Instructions for the task :: When you reproduce the listing, keep every word as it is and drop the pictures.

◇ ◇ ◇ ◇

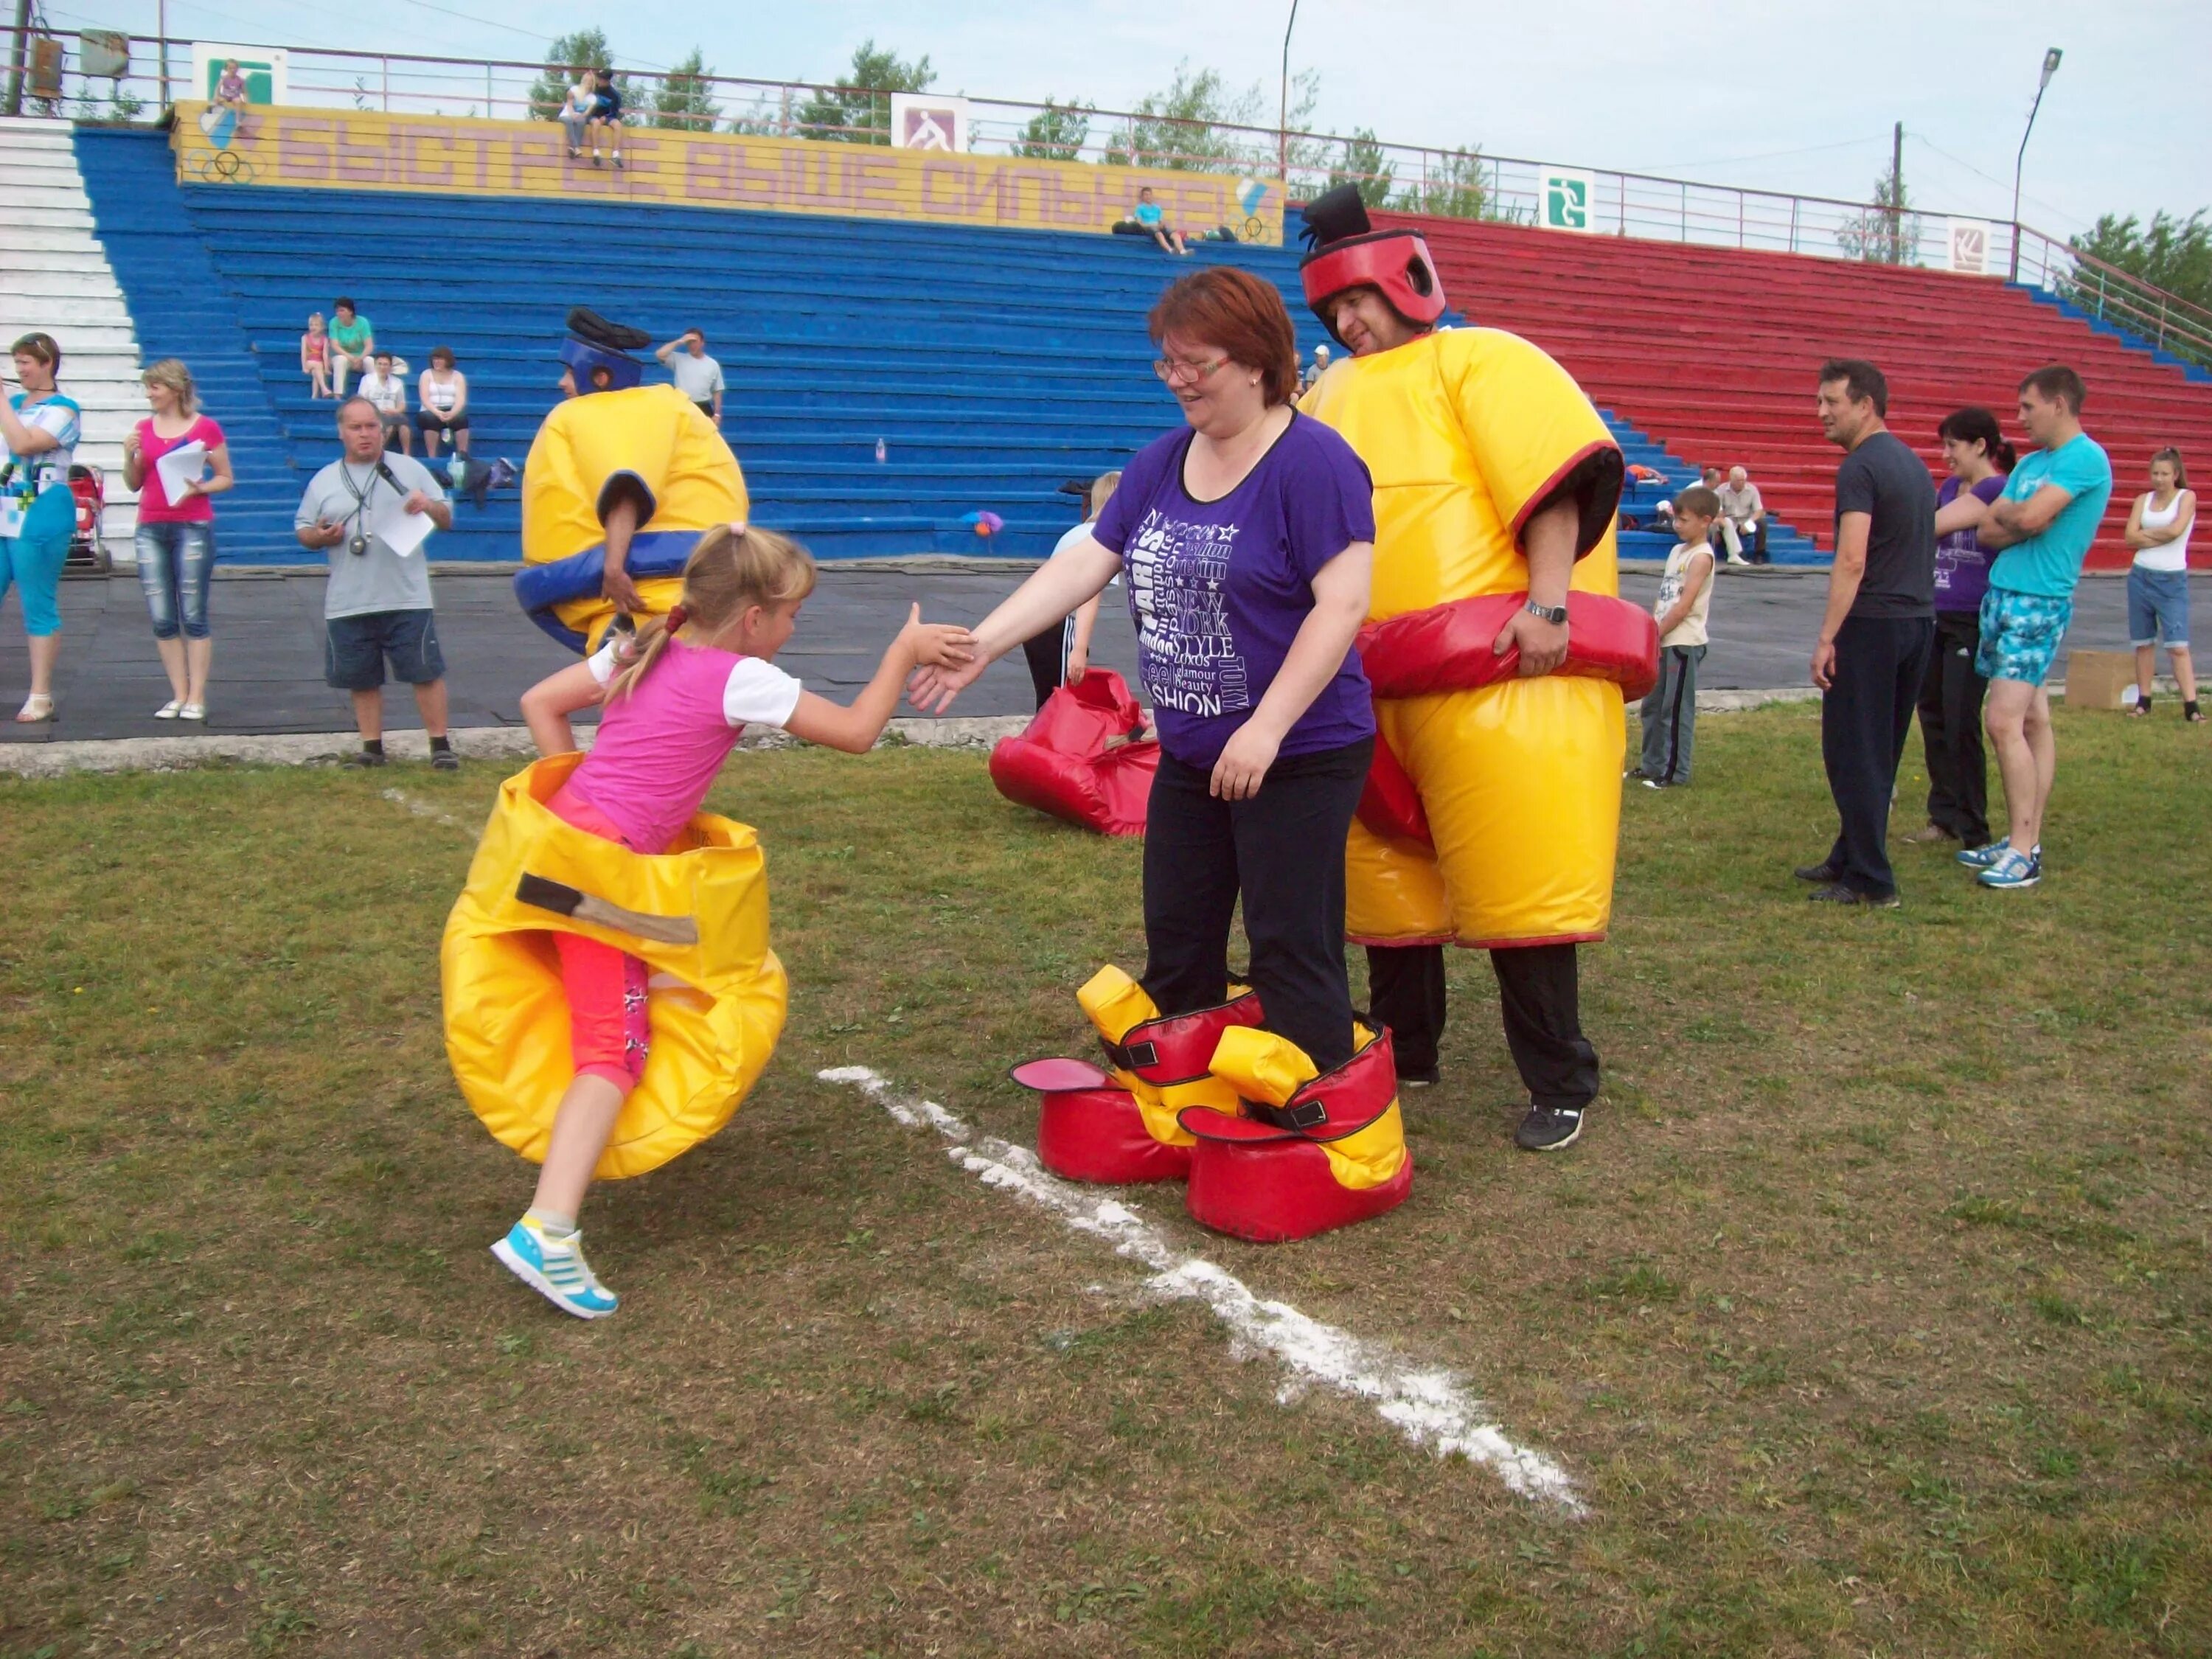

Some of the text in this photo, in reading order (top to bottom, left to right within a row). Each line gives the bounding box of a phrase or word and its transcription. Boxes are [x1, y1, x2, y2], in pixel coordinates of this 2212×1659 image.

[685, 142, 906, 214] ВЫШЕ,
[1131, 527, 1165, 630] PARIS
[1174, 556, 1227, 580] victim
[1153, 534, 1176, 634] mgapolice
[1164, 542, 1184, 632] passion
[1174, 588, 1225, 613] NEW
[1177, 605, 1231, 636] YORK
[1139, 625, 1174, 656] ondon
[1173, 633, 1235, 658] STYLE
[1143, 658, 1175, 689] eel
[1177, 664, 1216, 681] glamour
[1218, 656, 1250, 712] TOKY

◇ ◇ ◇ ◇

Written reply ::
Some of the text in this photo, in reading order (top to bottom, left to right within a row). Each line gives the bounding box of a phrase or word and its transcription. Boxes are [x1, y1, x2, y2], in pixel coordinates of this 2212×1659 image.

[685, 142, 906, 214] ВЫШЕ,
[1131, 527, 1165, 630] PARIS
[1174, 556, 1227, 580] victim
[1153, 534, 1176, 634] mgapolice
[1164, 542, 1184, 632] passion
[1174, 588, 1225, 613] NEW
[1177, 605, 1231, 636] YORK
[1139, 625, 1174, 656] ondon
[1173, 633, 1235, 658] STYLE
[1143, 658, 1175, 689] eel
[1177, 664, 1216, 681] glamour
[1218, 656, 1250, 712] TOKY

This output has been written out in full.